After her partner, Maura, dies — indeed early — Nina explains that their relationship “felt deep, and it felt whole, despite its length. It was an entire, wonderful tale in and of itself.”

All this brings me back to my little sister, Julie, and the deep angst I feel at what may turn out to be a premature death. I want her to live forever. (Maybe not forever, but, please, longer than me!)

To help me with these stomach-wrenching feelings, I’ve turned to friends, my therapist, a higher-dose antidepressant, meditation, ketamine and Elisabeth Kübler-Ross’s work on the five stages of death and dying. All of which work — some.

Oddly enough, “The Measure” has provided me with a greater sense of peace and acceptance than I’ve found anywhere else. Don’t get me wrong, I still hate that Julie is likely to live fewer years than her older brother. But I’ve watched and learned as Julie has lived as big a life as anyone could imagine. This proved true before her diagnosis but even more so in recent years.

Soon after her diagnosis, Julie emailed me to say that she’d already had a full life, even if it’s cut short. Since then, she has focused on what matters to her — seeing her daughters graduate from college, celebrating 35 years with her wife, going away on trips with the whole family, visiting with close friends.
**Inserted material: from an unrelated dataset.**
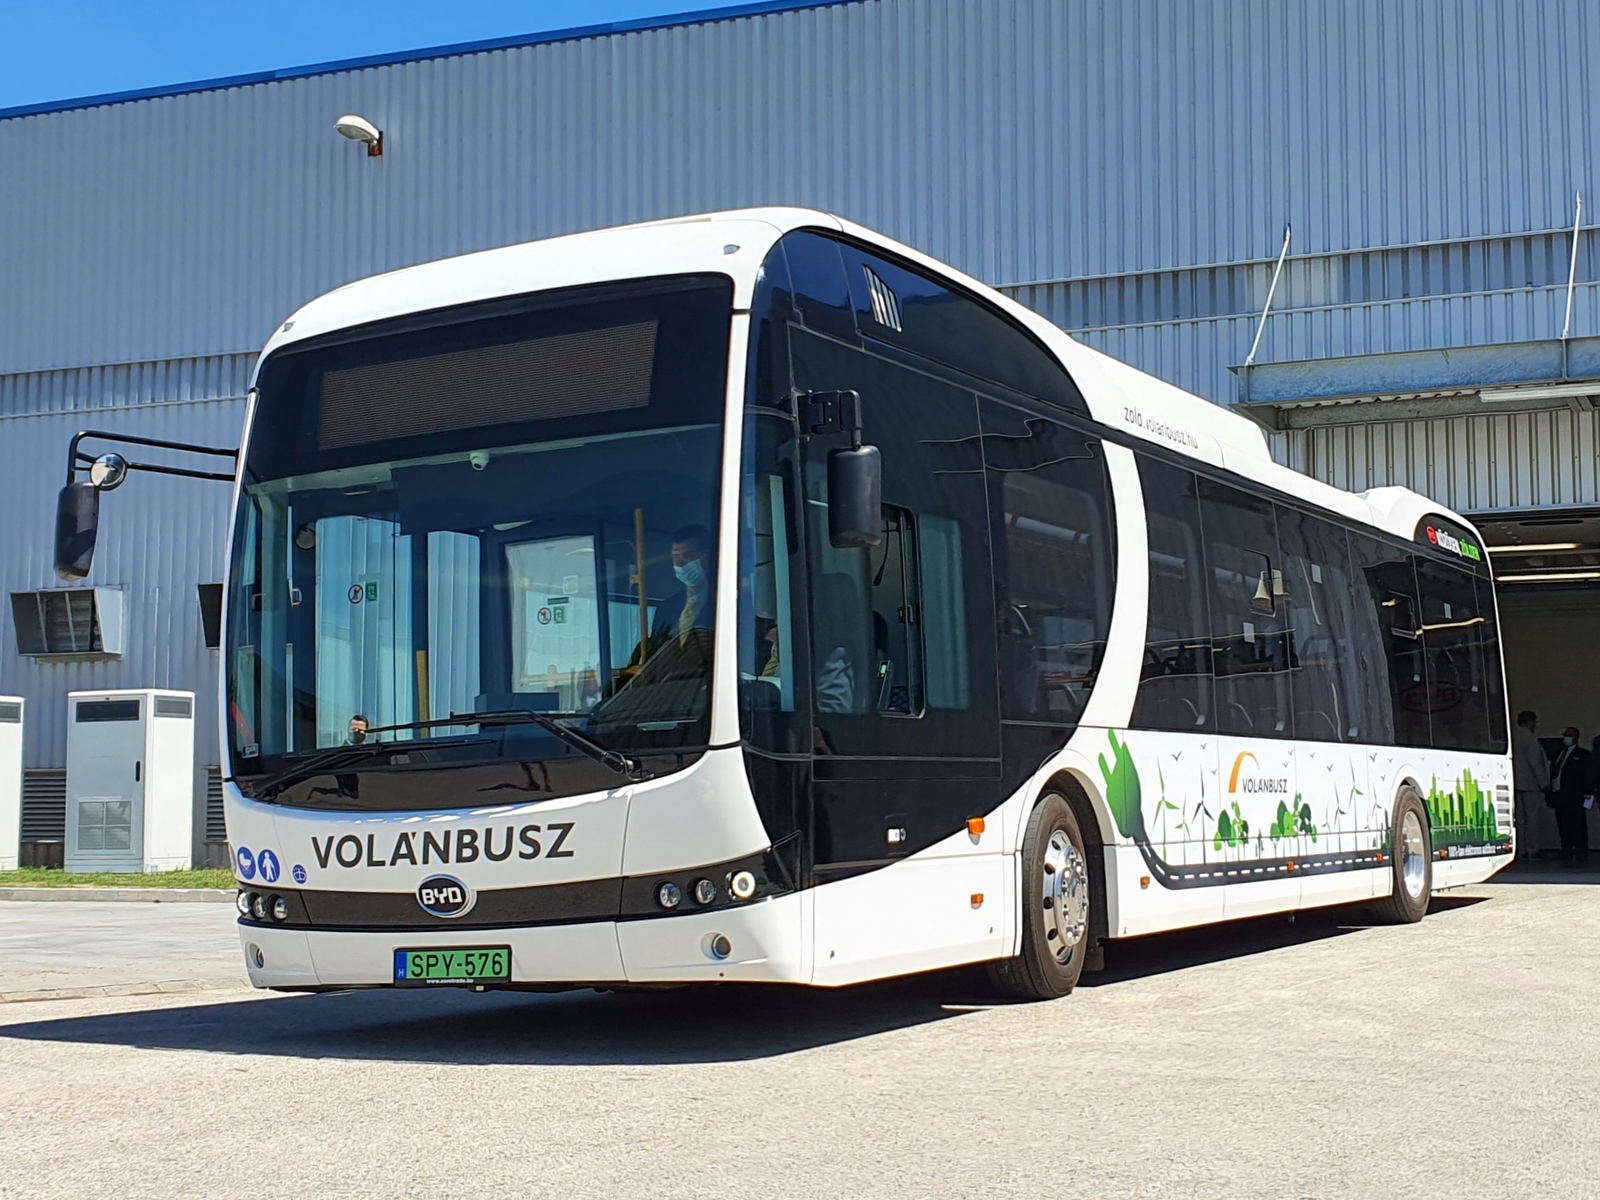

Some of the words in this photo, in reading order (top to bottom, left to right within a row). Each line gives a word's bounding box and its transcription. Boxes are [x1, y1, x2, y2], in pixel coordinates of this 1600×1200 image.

[1242, 778, 1287, 793] VOLÁNBUSZ
[311, 822, 575, 868] VOLÁNBUSZ
[421, 887, 463, 905] BYD
[411, 953, 502, 977] SPY-576
In other words, Julie has fine-tuned those relationships that mean the most to her and not dwelled on those that she may miss out on in the future.

I remember thinking at our recent Christmas dinner about a quote attributed to Ralph Waldo Emerson: “It is not the length of life, but the depth of life” that matters. And then I thought about what Nina, in the novel, tells us: “When we think about the greatest love stories ever written, we aren’t judging them by their length … . [A]nd even though I’ve been given more chapters than Maura, her pages were the ones you couldn’t put down. The ones that I’ll keep rereading, over and over, for the rest of my life. Our decade together, our story, was a gift.”

Amen.

It’s not about how many chapters we’ve lived but how rich and exciting those chapters are. Or, as the late poet Mary Oliver wrote, “Tell me, what is it you plan to do with your one wild and precious life?”

For starters, I’m not going to listen to the Death Clock. I don’t want to know when I’m going to die — but I do want to live each day as though it could be my last.